(DATASET begins)
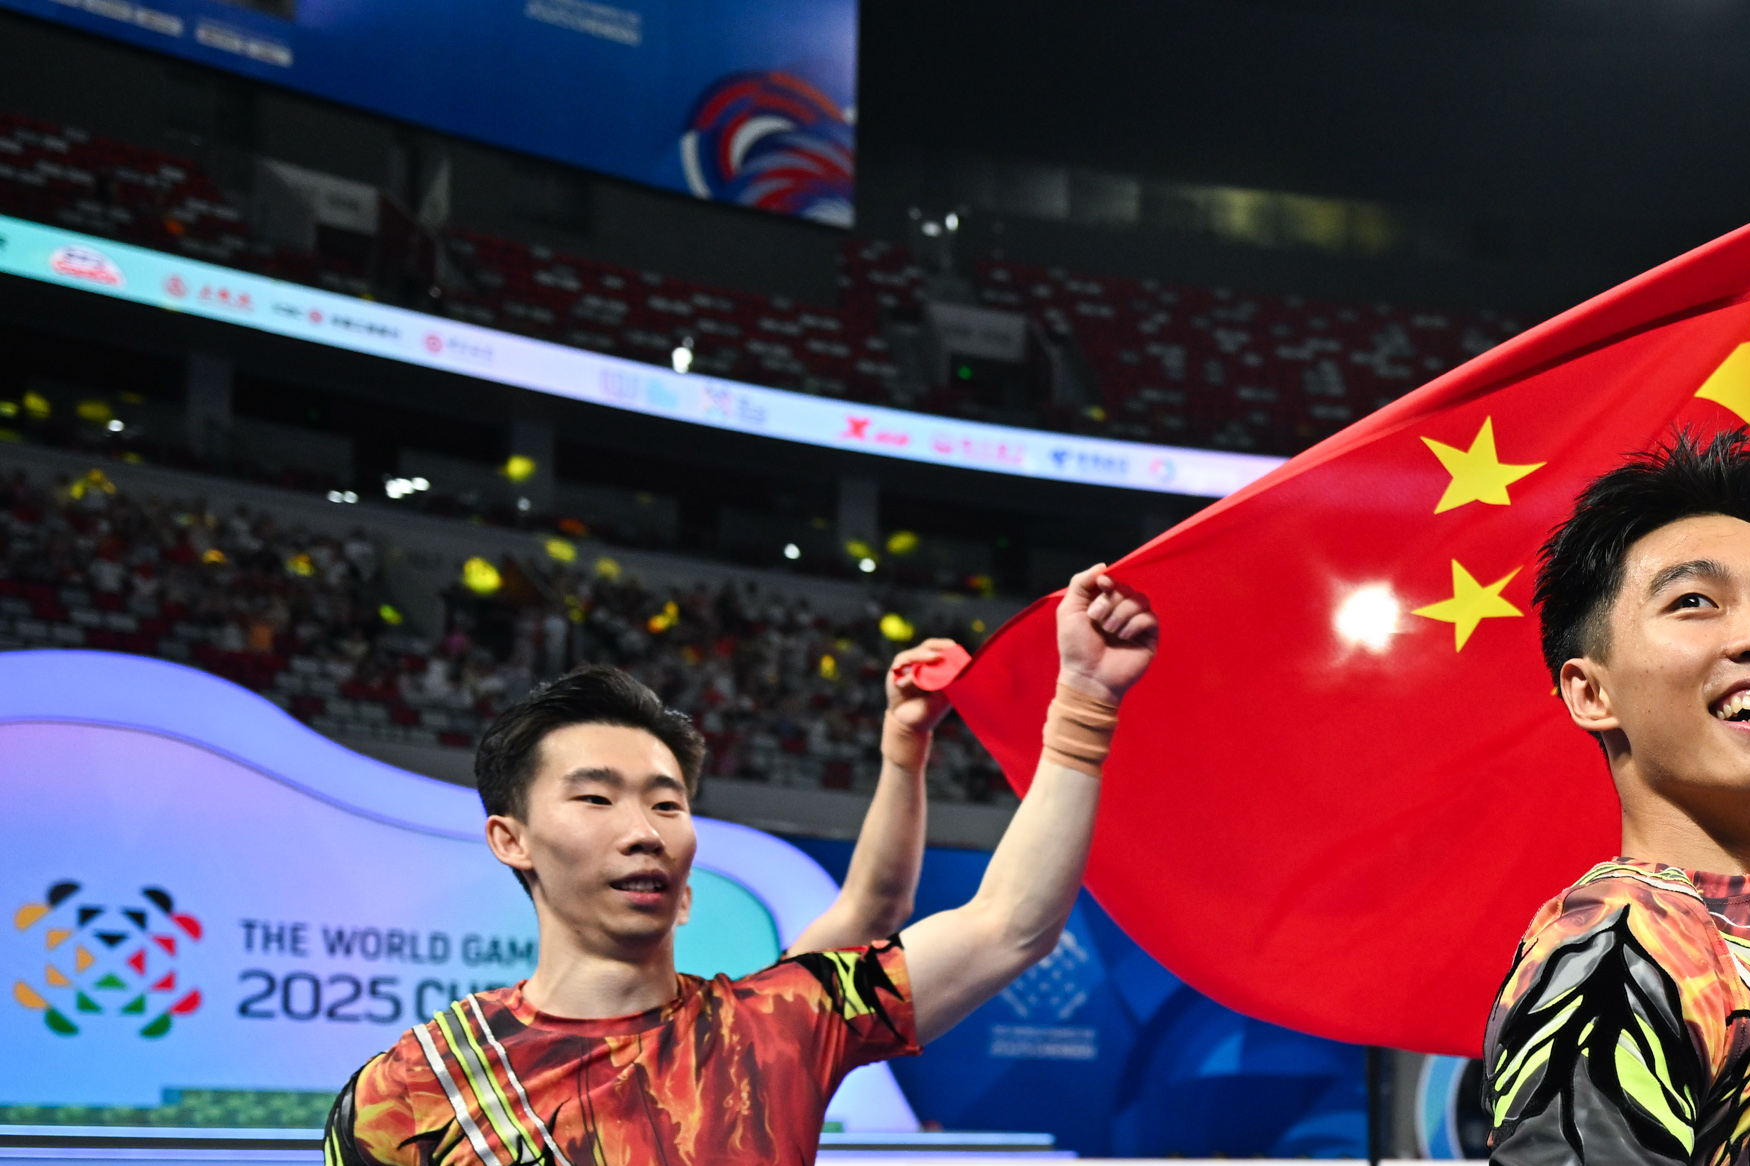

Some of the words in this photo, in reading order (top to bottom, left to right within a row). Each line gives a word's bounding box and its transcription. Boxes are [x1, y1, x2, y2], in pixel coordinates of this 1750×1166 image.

[239, 918, 309, 957] THE
[321, 925, 451, 965] WORLD
[461, 932, 539, 968] GAM
[237, 968, 404, 1024] 2025
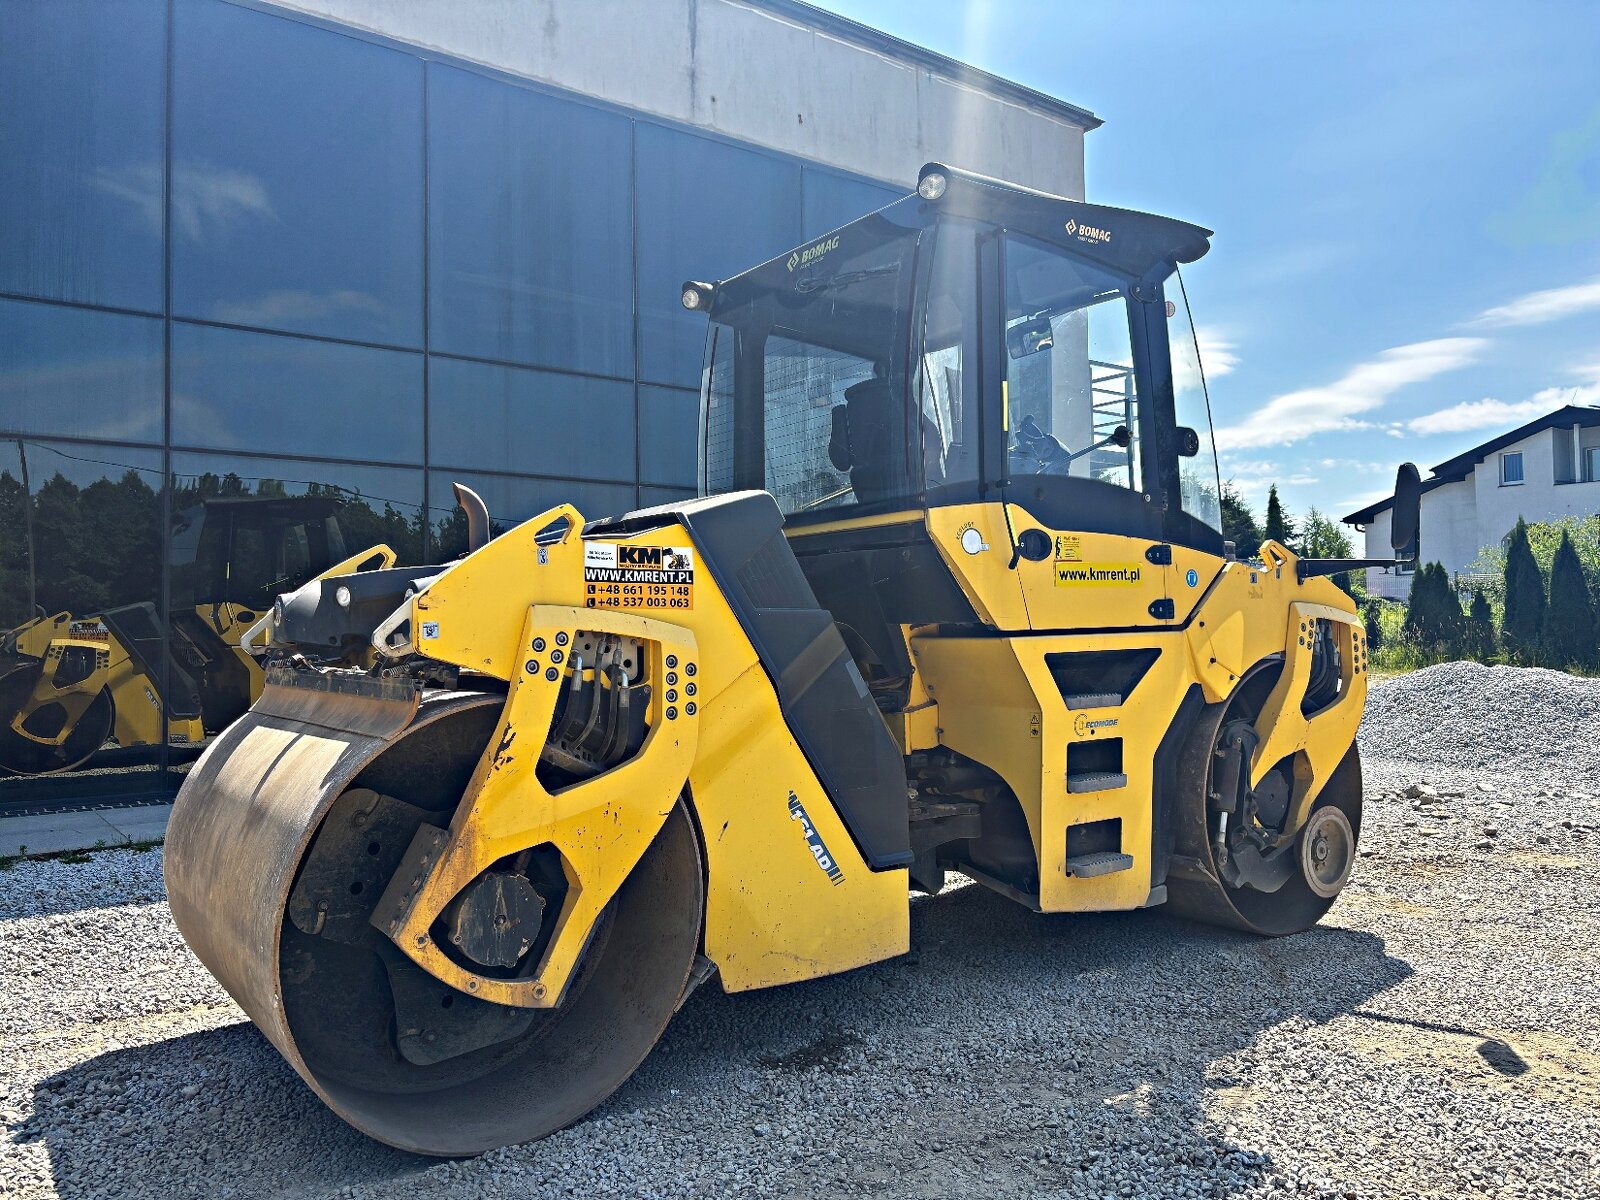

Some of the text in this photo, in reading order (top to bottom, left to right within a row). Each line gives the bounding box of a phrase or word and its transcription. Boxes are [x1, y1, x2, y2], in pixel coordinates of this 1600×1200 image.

[1079, 224, 1111, 242] BOMAG
[801, 236, 840, 263] BOMAG
[620, 547, 661, 564] KM
[585, 568, 692, 584] WWW.KMRENT.PL
[1059, 567, 1140, 583] www.kmrent.pl
[598, 585, 689, 596] +48 661 195 148
[598, 597, 689, 608] +48 537 003 063
[1086, 719, 1118, 728] ECOMODE
[808, 844, 831, 870] AD
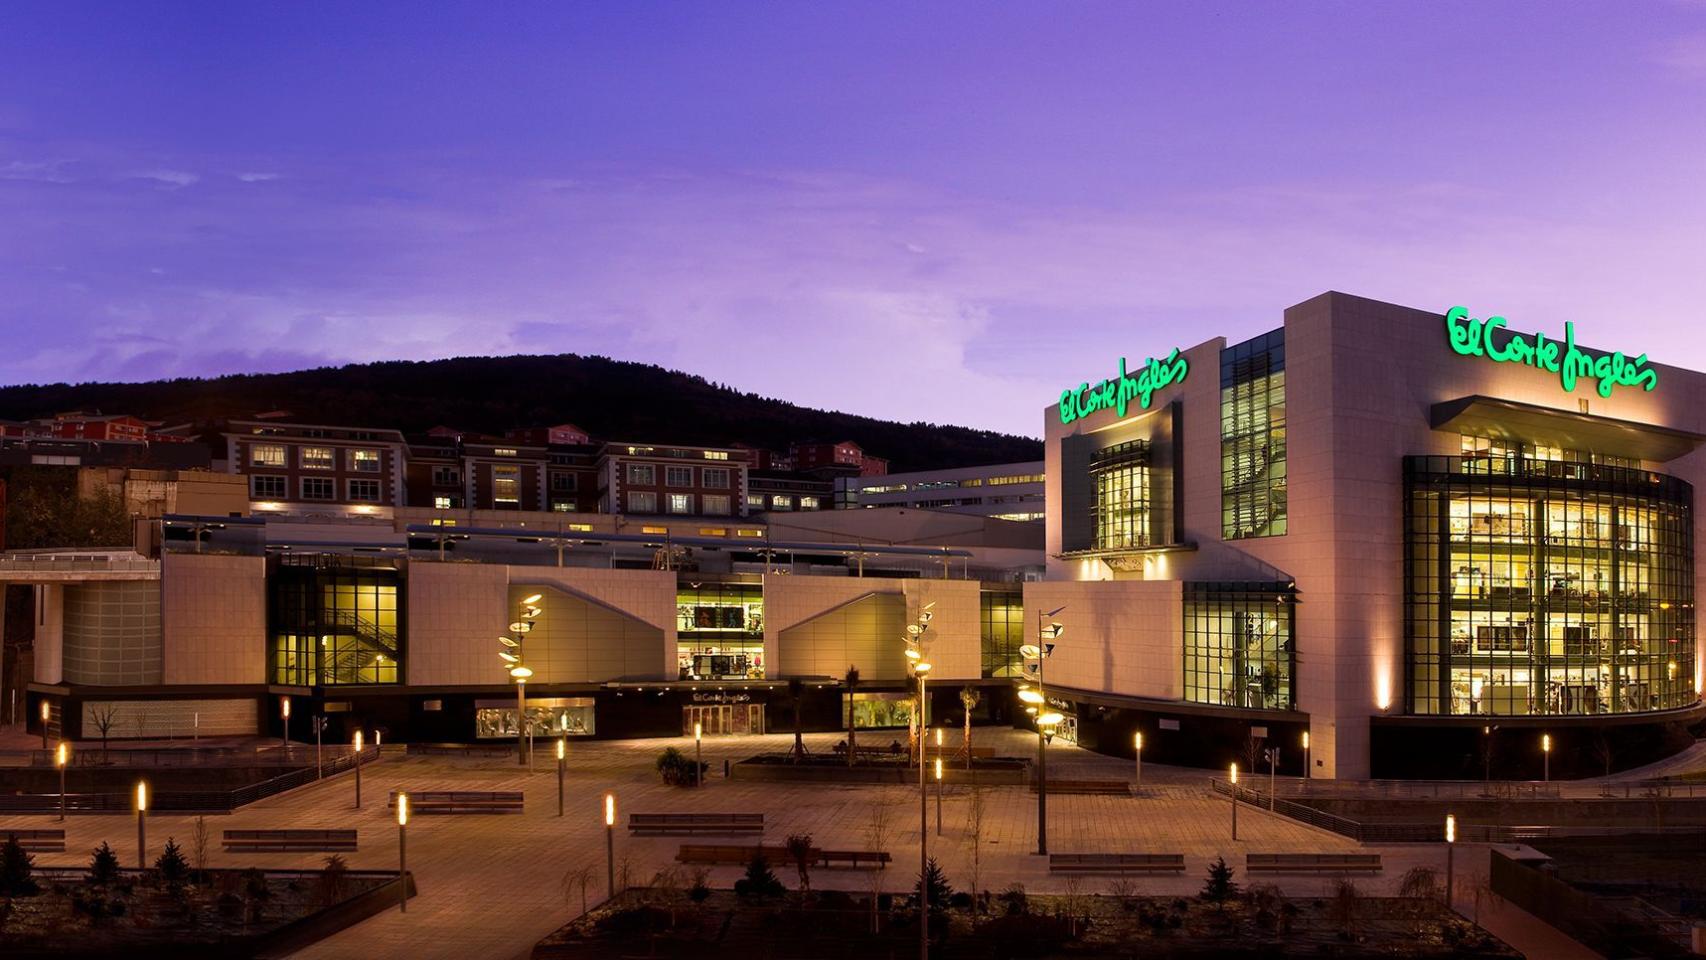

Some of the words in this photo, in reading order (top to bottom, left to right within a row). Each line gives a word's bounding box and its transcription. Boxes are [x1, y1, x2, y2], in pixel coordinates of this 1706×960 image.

[1059, 389, 1078, 425] El
[1075, 381, 1117, 419] Corte
[1116, 347, 1189, 418] Inglés
[1446, 305, 1484, 357] El
[1483, 316, 1560, 373] Corte
[1562, 321, 1658, 398] Inglés
(DATASET ends)
## WORK TO COMPLETE
Do not include images; quote all of the entries above exactly.

## SOLUTION FOR THIS TASK
Some of the words in this photo, in reading order (top to bottom, left to right within a row). Each line gives a word's bounding box and its transcription. Boxes are [x1, y1, x2, y2], in pixel coordinates of this 1750×1166 image.

[239, 918, 309, 957] THE
[321, 925, 451, 965] WORLD
[461, 932, 539, 968] GAM
[237, 968, 404, 1024] 2025

Some of the text in this photo, in reading order (top to bottom, left to right within a row). Each line gives the bounding box of a phrase or word and its transcription. Boxes are [x1, y1, x2, y2], in pixel coordinates of this 1600×1200 image.

[1079, 224, 1111, 242] BOMAG
[801, 236, 840, 263] BOMAG
[620, 547, 661, 564] KM
[585, 568, 692, 584] WWW.KMRENT.PL
[1059, 567, 1140, 583] www.kmrent.pl
[598, 585, 689, 596] +48 661 195 148
[598, 597, 689, 608] +48 537 003 063
[1086, 719, 1118, 728] ECOMODE
[808, 844, 831, 870] AD

Some of the words in this photo, in reading order (top to bottom, left to right within a row). Each line gives a word's bounding box and its transcription. Boxes are [x1, y1, x2, y2], in pixel coordinates of this 1706×960 image.

[1059, 389, 1078, 425] El
[1075, 381, 1117, 419] Corte
[1116, 347, 1189, 418] Inglés
[1446, 305, 1484, 357] El
[1483, 316, 1560, 373] Corte
[1562, 321, 1658, 398] Inglés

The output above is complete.